Chapter 23
Chapter twenty-three
Arriving home from her melancholy walk, Margaret entered the house to find her father sitting in the front parlor with a lithe, gray-headed man who smiled at her as if she ought to know him. She recognized him as someone who had visited their home in Helstone years ago.
“Mr. Bell!” she declared with a warming smile.
Mr.

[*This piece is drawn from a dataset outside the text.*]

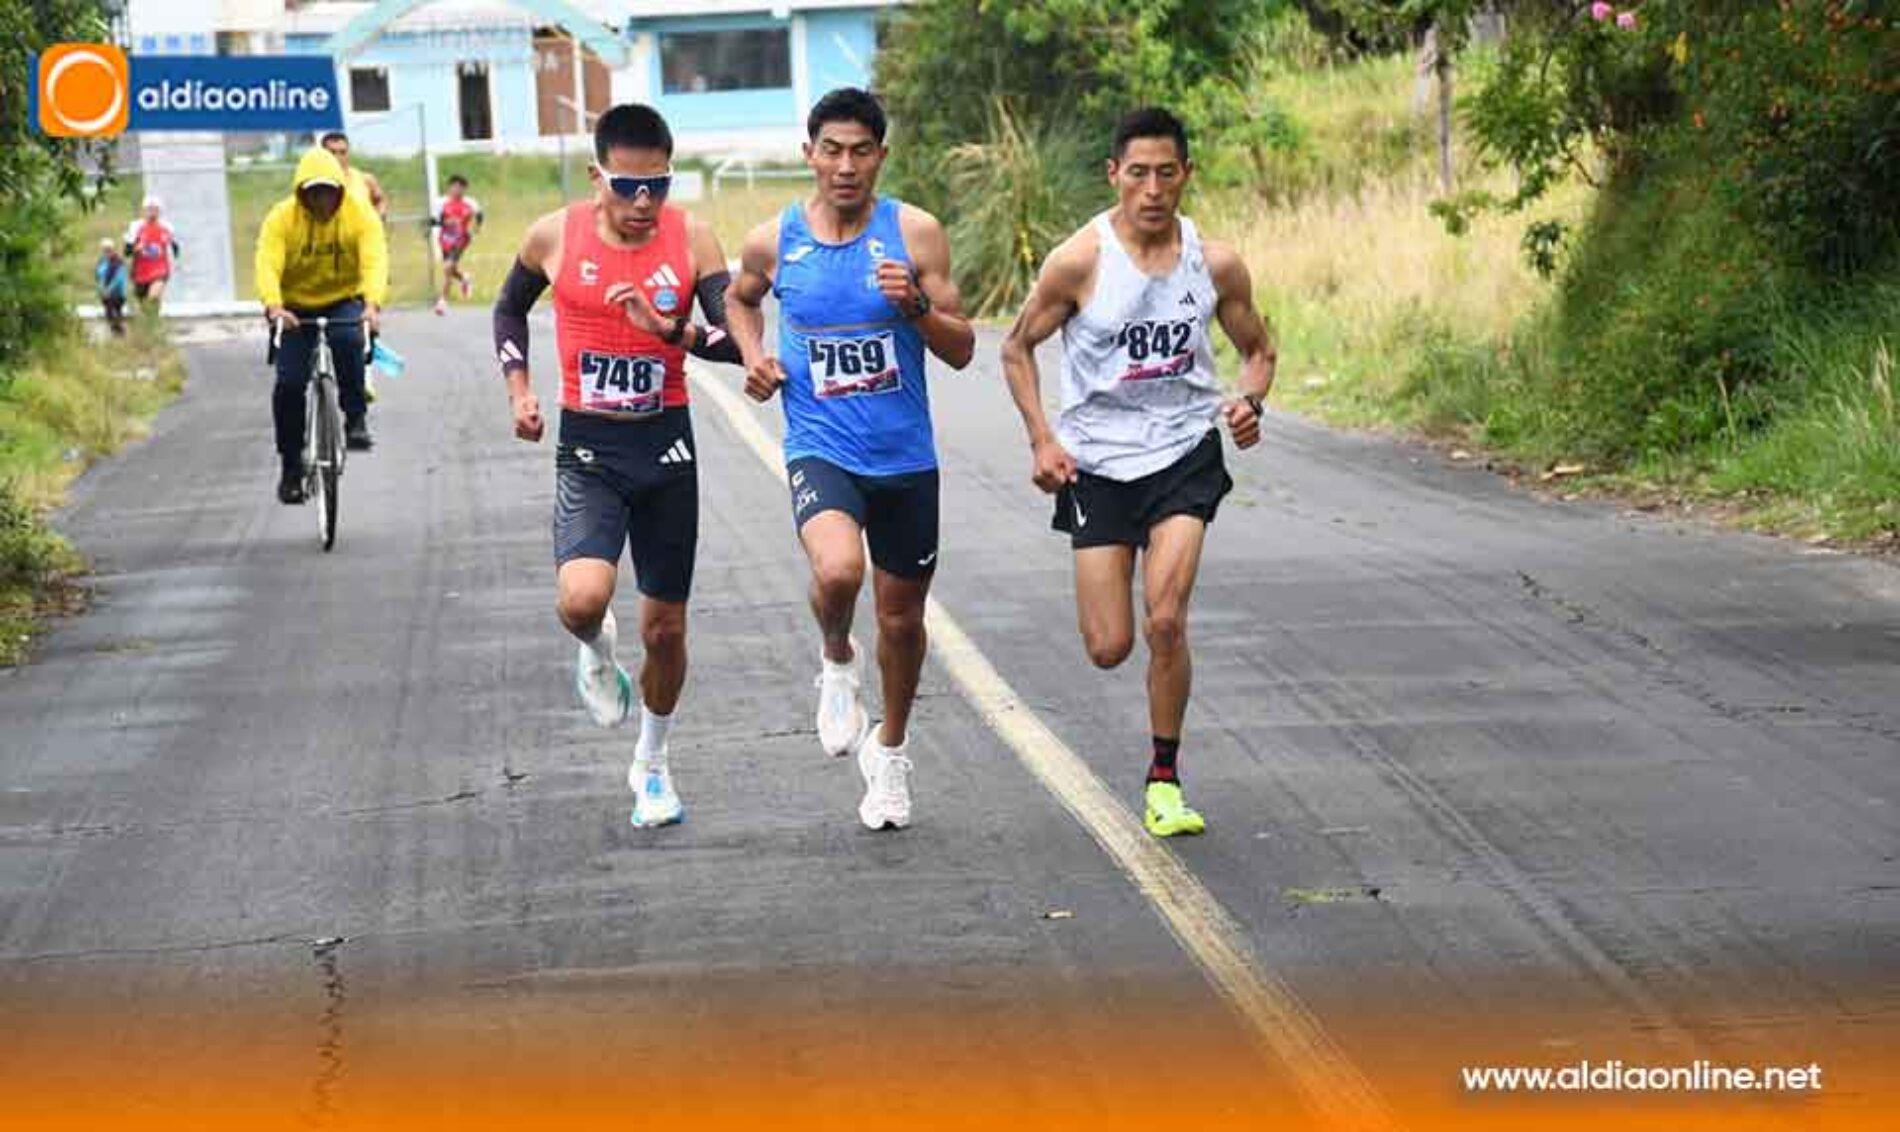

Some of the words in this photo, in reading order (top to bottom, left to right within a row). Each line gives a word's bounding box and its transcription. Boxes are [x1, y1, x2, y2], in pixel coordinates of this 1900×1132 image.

Bell had been the groomsman at her parents’ wedding; a friend of her father’s from his days at Oxford College.
She was pleased to see him, remembering his jovial manner—which she hoped would be an antidote of cheer to the somber pall currently cast over the town.
Mr. Bell stood, taking her hand fondly between both of his. “Ah, so you’ve remembered me!” he said.
“You have not changed much, to my recollection,” Margaret replied.
“Indeed, I was an old codger when I last saw you, and here I am again, the very same! But you, my dear, have absolutely transformed!” he told her with his contagious smile.
“I say, Richard, you didn’t tell me what a handsome girl your Pearl has become. The last time I saw her, she was quite excited to show me the toad she had found!” Mr. Bell enthused.
Taken aback by his bold compliment, Margaret knew not how to reply. She saw the twinkle in his eye and smiled. “What brings you to Milton?” she asked, still bewildered by his sudden presence.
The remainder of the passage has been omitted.